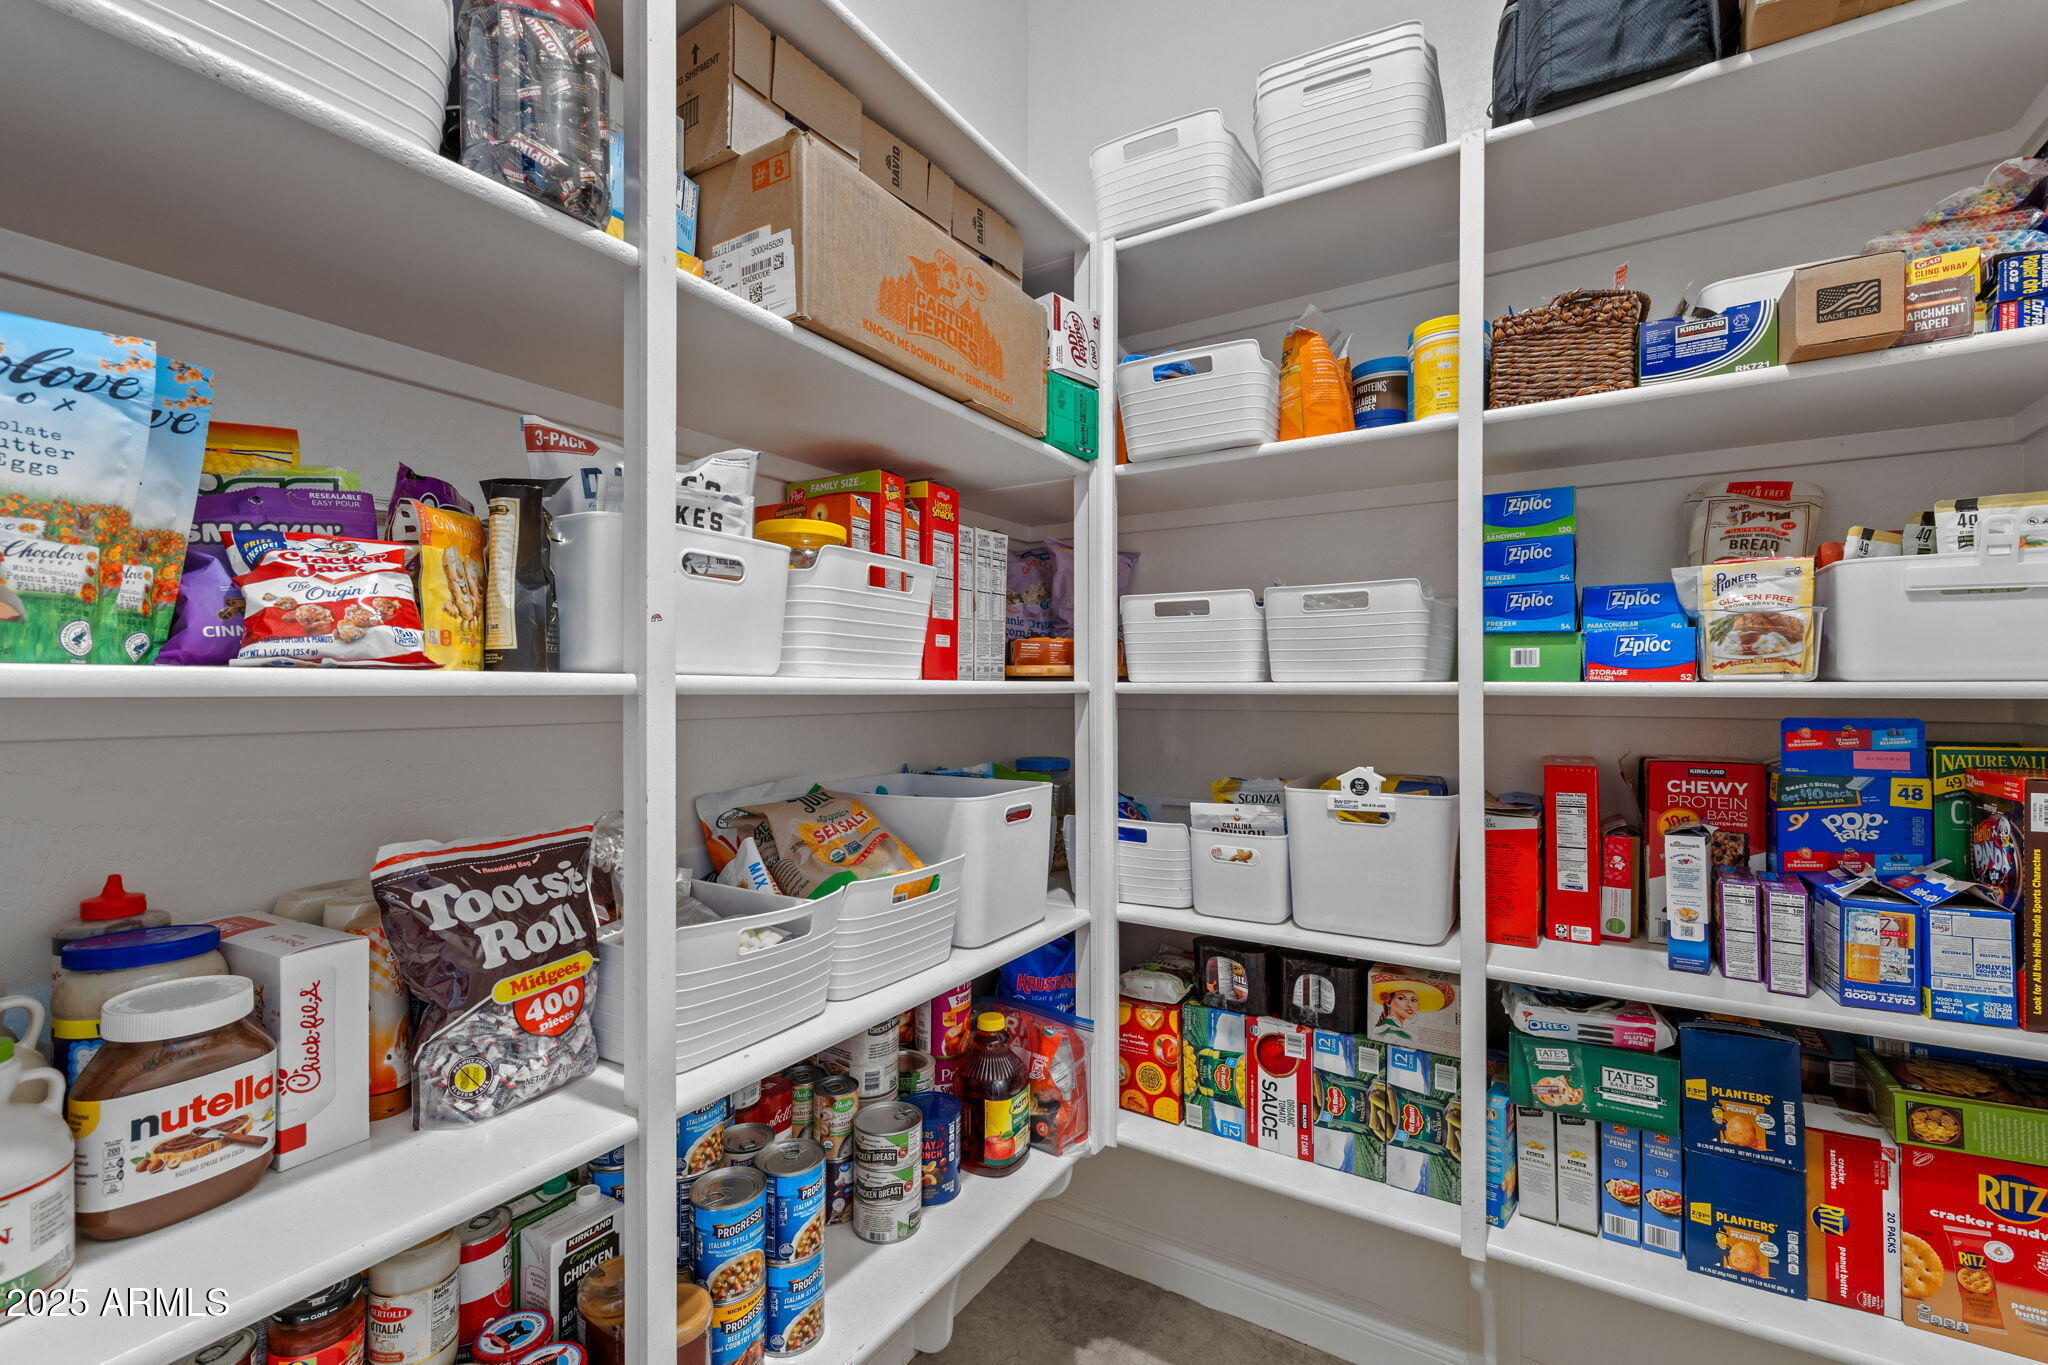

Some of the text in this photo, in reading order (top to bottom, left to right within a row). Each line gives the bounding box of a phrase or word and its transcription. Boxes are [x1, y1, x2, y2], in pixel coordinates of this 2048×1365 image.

[685, 53, 720, 84] SHIPMENT
[891, 145, 900, 189] DAVID
[1915, 256, 1942, 269] GLAD
[1915, 261, 1968, 279] CLING WRAP
[914, 286, 976, 341] CARTON
[1819, 305, 1880, 323] MADE IN USA
[1906, 303, 1966, 322] ARCHMENT
[1679, 320, 1725, 334] KIRKLAND
[1914, 317, 1949, 332] PAPER
[906, 303, 980, 368] HEROES
[862, 318, 895, 345] KNOCK
[896, 337, 910, 351] ME
[911, 344, 937, 366] DOWN
[939, 360, 956, 376] FLAT
[965, 372, 982, 389] SEND
[1735, 360, 1771, 373] RK721
[1357, 380, 1388, 396] PROTEINS
[534, 429, 588, 450] 3-PACK
[810, 477, 860, 492] FAMILY SIZE
[309, 491, 361, 501] RESEALABLE
[1764, 489, 1785, 497] FREE
[311, 500, 361, 508] EASY POUR
[1508, 496, 1552, 515] Ziploc
[243, 538, 272, 551] PRIZE
[1486, 532, 1526, 541] SANDWICH
[1729, 538, 1779, 552] BREAD
[246, 542, 279, 565] INSIDE!
[277, 551, 389, 566] Cracker
[1508, 545, 1552, 564] Ziploc
[6, 570, 82, 587] Peanut Butter
[295, 563, 368, 579] Jack
[16, 581, 56, 595] Filled
[287, 581, 310, 593] The
[1715, 572, 1758, 597] PIONEER
[1509, 592, 1553, 611] Ziploc
[1611, 590, 1660, 610] Ziploc
[1764, 594, 1795, 604] FREE
[1618, 637, 1672, 657] Ziploc
[1680, 673, 1692, 681] 52
[1941, 754, 2008, 773] NATURE
[1666, 780, 1749, 796] CHEWY
[1945, 776, 1963, 789] 49
[1238, 793, 1281, 804] SCONZA
[1667, 794, 1748, 810] PROTEIN
[1897, 787, 1924, 801] 48
[799, 791, 834, 814] JULY
[1707, 810, 1748, 822] BARS
[812, 810, 871, 845] SEA SALT
[1222, 822, 1253, 830] CATALINA
[748, 861, 769, 890] MIX
[474, 902, 587, 970] Roll
[2033, 848, 2043, 1015] Look for All the Hello Panda Sports Characters
[508, 960, 582, 996] Midgees
[525, 985, 579, 1022] 400
[538, 1010, 576, 1033] pieces
[1528, 1020, 1570, 1031] OREO
[1318, 1038, 1331, 1051] 12
[1623, 1035, 1655, 1043] GLUTEN
[1394, 1053, 1408, 1067] 12
[1537, 1049, 1567, 1058] TATE'S
[1604, 1069, 1655, 1089] TATE'S
[1610, 1081, 1650, 1093] BAKE SHOP
[1711, 1085, 1771, 1105] PLANTERS
[130, 1073, 274, 1143] nutella
[1261, 1079, 1279, 1140] SAUCE
[1287, 1099, 1295, 1128] ORGANIC
[1229, 1125, 1240, 1137] 12
[1609, 1139, 1632, 1149] PENNE
[872, 1153, 896, 1161] BREAST
[1650, 1148, 1673, 1158] PENNE
[1520, 1156, 1552, 1168] MACARONI
[1560, 1165, 1594, 1177] MACARONI
[878, 1187, 902, 1198] BREAST
[1978, 1174, 2048, 1218] RITZ
[716, 1207, 763, 1239] PROGRESSO
[1715, 1211, 1776, 1234] PLANTERS
[1818, 1203, 1846, 1237] RITZ
[1929, 1209, 1994, 1229] cracker
[568, 1217, 612, 1248] KIRKLAND
[1730, 1232, 1762, 1243] PEANUTS
[1886, 1211, 1897, 1254] 20 PACKS
[569, 1237, 609, 1265] Organic
[1958, 1251, 1987, 1267] RITZ
[563, 1247, 614, 1287] CHICKEN
[1837, 1246, 1849, 1299] peanut butter
[310, 1310, 330, 1321] CLOSE
[370, 1306, 408, 1319] BERTOLLI

**EXERCISE INSTRUCTIONS**
Your answer must be the records above, word for word, with no pictures.

**PROBLEM SOLUTION**
Some of the text in this photo, in reading order (top to bottom, left to right within a row). Each line gives the bounding box of a phrase or word and its transcription. Boxes are [x1, y1, x2, y2], in pixel coordinates of this 2048×1365 image.

[685, 53, 720, 84] SHIPMENT
[891, 145, 900, 189] DAVID
[1915, 256, 1942, 269] GLAD
[1915, 261, 1968, 279] CLING WRAP
[914, 286, 976, 341] CARTON
[1819, 305, 1880, 323] MADE IN USA
[1906, 303, 1966, 322] ARCHMENT
[1679, 320, 1725, 334] KIRKLAND
[1914, 317, 1949, 332] PAPER
[906, 303, 980, 368] HEROES
[862, 318, 895, 345] KNOCK
[896, 337, 910, 351] ME
[911, 344, 937, 366] DOWN
[939, 360, 956, 376] FLAT
[965, 372, 982, 389] SEND
[1735, 360, 1771, 373] RK721
[1357, 380, 1388, 396] PROTEINS
[534, 429, 588, 450] 3-PACK
[810, 477, 860, 492] FAMILY SIZE
[309, 491, 361, 501] RESEALABLE
[1764, 489, 1785, 497] FREE
[311, 500, 361, 508] EASY POUR
[1508, 496, 1552, 515] Ziploc
[243, 538, 272, 551] PRIZE
[1486, 532, 1526, 541] SANDWICH
[1729, 538, 1779, 552] BREAD
[246, 542, 279, 565] INSIDE!
[277, 551, 389, 566] Cracker
[1508, 545, 1552, 564] Ziploc
[6, 570, 82, 587] Peanut Butter
[295, 563, 368, 579] Jack
[16, 581, 56, 595] Filled
[287, 581, 310, 593] The
[1715, 572, 1758, 597] PIONEER
[1509, 592, 1553, 611] Ziploc
[1611, 590, 1660, 610] Ziploc
[1764, 594, 1795, 604] FREE
[1618, 637, 1672, 657] Ziploc
[1680, 673, 1692, 681] 52
[1941, 754, 2008, 773] NATURE
[1666, 780, 1749, 796] CHEWY
[1945, 776, 1963, 789] 49
[1238, 793, 1281, 804] SCONZA
[1667, 794, 1748, 810] PROTEIN
[1897, 787, 1924, 801] 48
[799, 791, 834, 814] JULY
[1707, 810, 1748, 822] BARS
[812, 810, 871, 845] SEA SALT
[1222, 822, 1253, 830] CATALINA
[748, 861, 769, 890] MIX
[474, 902, 587, 970] Roll
[2033, 848, 2043, 1015] Look for All the Hello Panda Sports Characters
[508, 960, 582, 996] Midgees
[525, 985, 579, 1022] 400
[538, 1010, 576, 1033] pieces
[1528, 1020, 1570, 1031] OREO
[1318, 1038, 1331, 1051] 12
[1623, 1035, 1655, 1043] GLUTEN
[1394, 1053, 1408, 1067] 12
[1537, 1049, 1567, 1058] TATE'S
[1604, 1069, 1655, 1089] TATE'S
[1610, 1081, 1650, 1093] BAKE SHOP
[1711, 1085, 1771, 1105] PLANTERS
[130, 1073, 274, 1143] nutella
[1261, 1079, 1279, 1140] SAUCE
[1287, 1099, 1295, 1128] ORGANIC
[1229, 1125, 1240, 1137] 12
[1609, 1139, 1632, 1149] PENNE
[872, 1153, 896, 1161] BREAST
[1650, 1148, 1673, 1158] PENNE
[1520, 1156, 1552, 1168] MACARONI
[1560, 1165, 1594, 1177] MACARONI
[878, 1187, 902, 1198] BREAST
[1978, 1174, 2048, 1218] RITZ
[716, 1207, 763, 1239] PROGRESSO
[1715, 1211, 1776, 1234] PLANTERS
[1818, 1203, 1846, 1237] RITZ
[1929, 1209, 1994, 1229] cracker
[568, 1217, 612, 1248] KIRKLAND
[1730, 1232, 1762, 1243] PEANUTS
[1886, 1211, 1897, 1254] 20 PACKS
[569, 1237, 609, 1265] Organic
[1958, 1251, 1987, 1267] RITZ
[563, 1247, 614, 1287] CHICKEN
[1837, 1246, 1849, 1299] peanut butter
[310, 1310, 330, 1321] CLOSE
[370, 1306, 408, 1319] BERTOLLI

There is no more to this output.